I’ve never been one to stand around and let someone take the blame or fight my battles and when a guy does, for the reasons of sex, and relationship reasons as well, I find it highly disrespectful. Thanks for the help, really, but thanks a lot for the assuming I can’t handle something.

I snorted aristocratically, rolling my eyes almost as if on autopilot. Shoving my hand inside my black zip up hoodie as I shifted my weight to rest on my right hip and leg, I cocked my head to the side barely noticeably just before turning and walking away.

“I honestly think that you would be letting me alone to deal with the shit that comes my way on my own, and not trying to protect me from it,” I said a little loudly over my shoulder, not turning all the way.

Looking over the shoulder to see if they are looking or listening is a sign of uncertainty or insecureness and I avoid it. All it does is provoke the said reason for looking into doing something more that they find amusing.

It’s only funny the first time; that’s an unwritten rule right there.

I found another seat not too far away and resumed the same position I had taken when first sitting at the table that Jason and his group of followers now resided. After awhile my gaze shifted towards them and he was watching me once more.

I had the sudden temptation to smile at him, wave, then show him a lovely hand gesture that consists only of the center of all the fingers. Otherwise known as the ‘bird’.

I kept my eyes locked with his as the others jeered comments to me and nudged Balmung with their elbows to draw his attention to them as they acted out sex movements.

Bloody hell, it’s the animism age all over again. I won’t put it past anyone if there was a new religion focused on sex alone. (1)

But he never looked away.

(Chorus:)
Yet you still stare
And you never look away
Am I so insignificant
Just another of your filthy pawns
Used for whatever you can

I barely heard him curse to Jason as well as the other boy acting out a sex act, then grab his bag and stride over to me. His expression never changed; the same casual, sure, and slightly smug look.

It was almost easy to see why Anissa wanted to run her fist into his face. But that would be treating others the way I’m treated.

And hurting the older brother of one of our closer friends, though she’d (my friend) probably wish she’d done it herself.

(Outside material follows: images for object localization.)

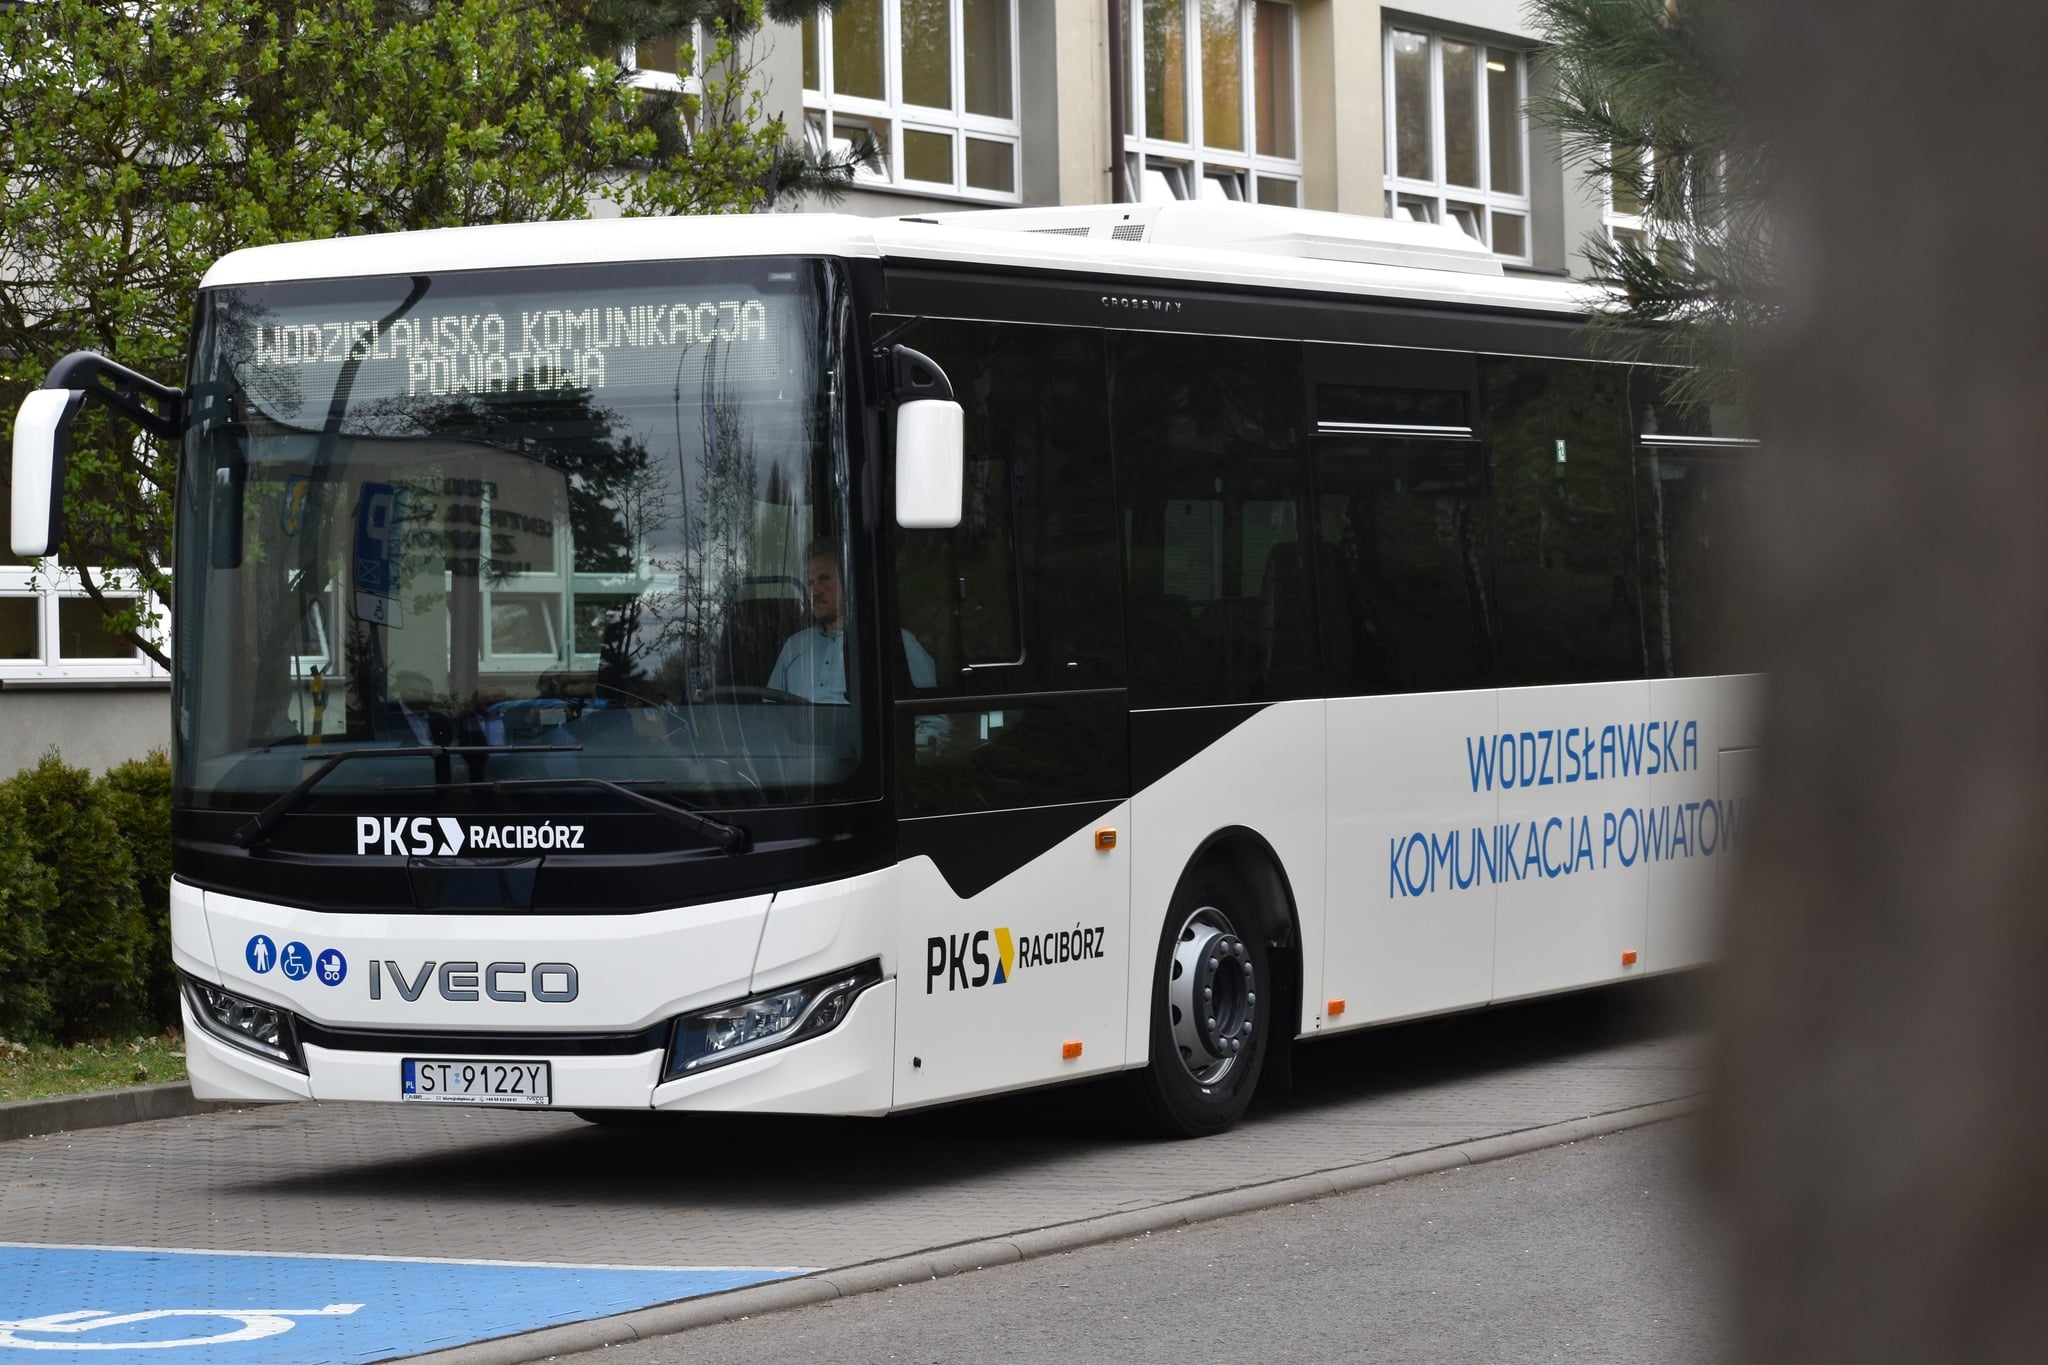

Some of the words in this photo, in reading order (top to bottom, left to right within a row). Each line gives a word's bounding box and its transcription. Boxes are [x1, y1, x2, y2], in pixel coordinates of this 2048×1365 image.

[522, 299, 766, 353] KOMUNIKACJA
[1101, 296, 1182, 313] CROSSWAY
[408, 347, 605, 397] POWIATOWA
[1466, 720, 1697, 792] WODZISŁAWSKA
[356, 816, 434, 856] PKS
[470, 820, 585, 849] RACIBÓRZ
[1390, 816, 1594, 898] KOMUNIKACJA
[1603, 798, 1748, 869] POWIATOW
[369, 960, 579, 1003] IVECO
[926, 930, 990, 995] PKS
[1019, 922, 1105, 969] RACIBÓRZ
[405, 1081, 415, 1089] PL
[421, 1064, 452, 1092] ST
[462, 1065, 541, 1095] 9122Y

“I’m sorry for being an ass whole and that they are ass wholes and that I even hang out with them,” he growled, tossing his bag onto the table carelessly and standing in profile right to his friends and I. They were throwing up their arms, jaws slightly dropped and looking from Balmung to some other person within their group and muttering amongst themselves.

“Balmung, man, what’s your problem?”

“I need some time off,” he shouted back at them. “I think I need to hang out with non-violent people and someone who doesn’t bully her way.” Balmung lowered his hand from rubbing the back of his neck as Jason took an angry step forward and took an opposing stance to halt the next step.

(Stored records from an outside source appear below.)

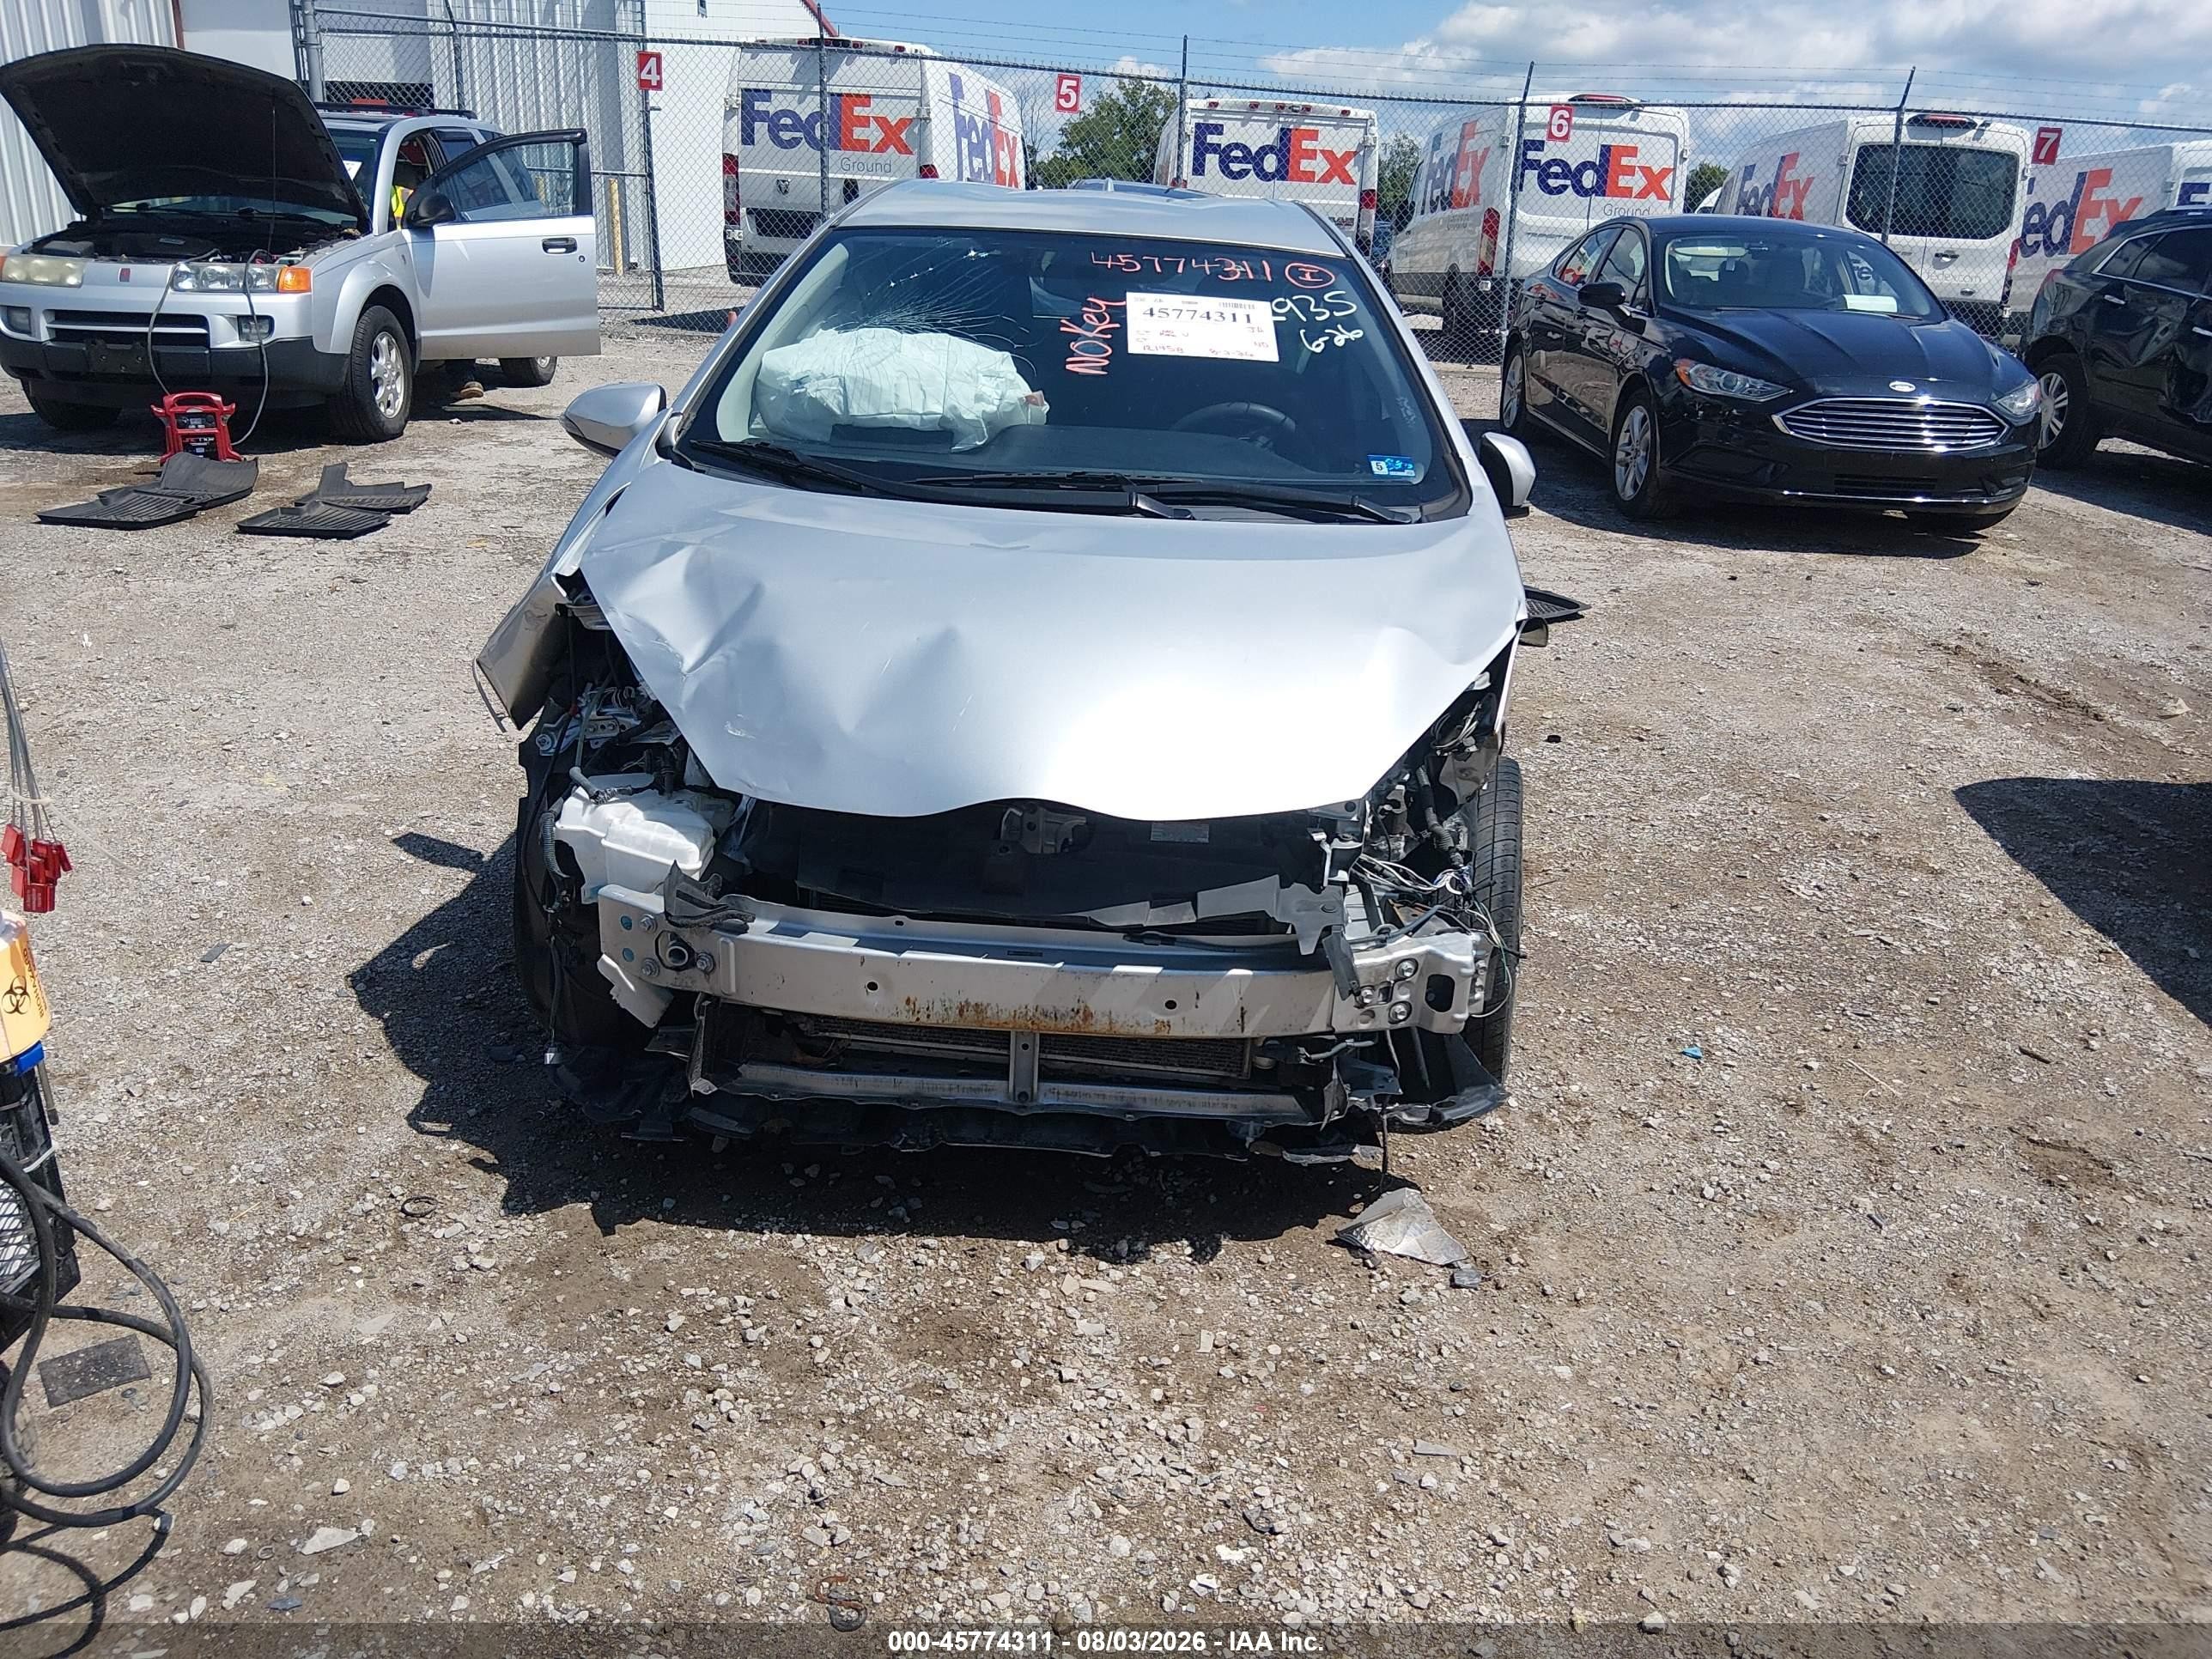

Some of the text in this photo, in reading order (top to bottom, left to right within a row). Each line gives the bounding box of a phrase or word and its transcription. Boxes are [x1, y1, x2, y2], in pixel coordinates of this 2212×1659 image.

[639, 57, 661, 86] 4
[1058, 78, 1079, 109] 5
[741, 88, 915, 155] FedEx
[949, 72, 1019, 189] FedEx
[1550, 109, 1569, 138] 6
[1192, 122, 1359, 185] FedEx
[2037, 131, 2059, 160] 7
[840, 156, 892, 174] Ground
[1421, 120, 1491, 216] FedEx
[1518, 138, 1676, 201] FedEx
[1735, 151, 1814, 220] FedEx
[1603, 203, 1650, 216] Ground
[2017, 167, 2143, 258] edEx
[1091, 252, 1272, 282] 45774311
[1142, 307, 1252, 325] 45774311

“I think you need to leave me be. I don’t need companionship; I get by just fine,” I snapped quietly, crossing my arms and looking the opposite direction of him. I was prepared to ignore him and to hear nothing but a small chuckle then silence from him when he completely threw me off after glancing at Jason then sitting next to me.

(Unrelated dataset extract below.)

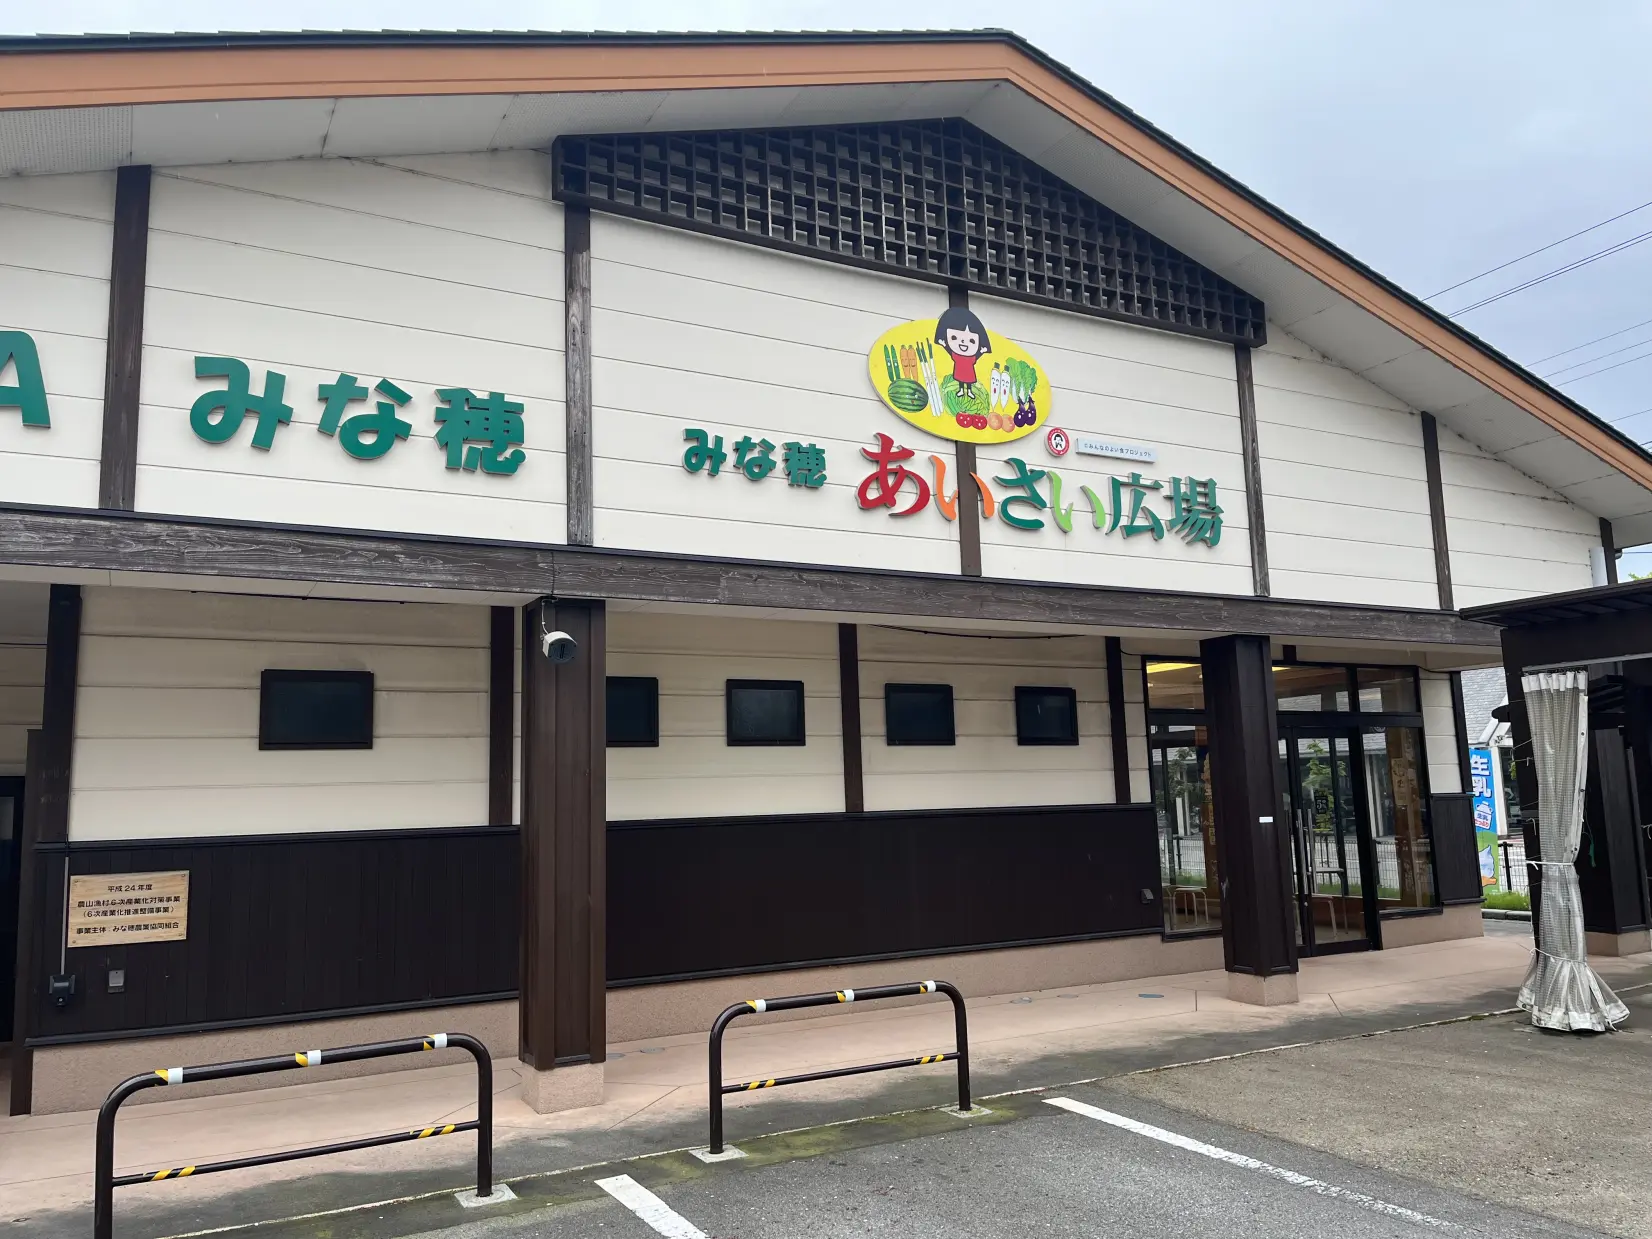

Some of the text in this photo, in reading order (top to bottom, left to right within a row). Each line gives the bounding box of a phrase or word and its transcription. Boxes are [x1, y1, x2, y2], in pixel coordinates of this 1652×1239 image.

“What does your mother mean when she says you were made from hate?”

Don’t think about that question. Don’t think about that topic, and don’t ans– “Rape.” God -fucking – damn it. “When she was sixteen, she was rich and a man she turned down attacked her and raped her for it. She had me when she was seventeen and a half.”

I could hear his breath — or lack there of — and the sound of him fiddling with something in his pocket.

“Sweet Jesus,” he whispered, and I could feel him suddenly staring at me with eyes only slightly wider. “What about –”

“He was eighteen when I was born, and he had custody of me, and my younger twin brother, until we were five. Anissa was already born by then and three years old, too young remember life before me, and my father now, he gained custody of me after proving in a case that I was rightfully my mother’s.”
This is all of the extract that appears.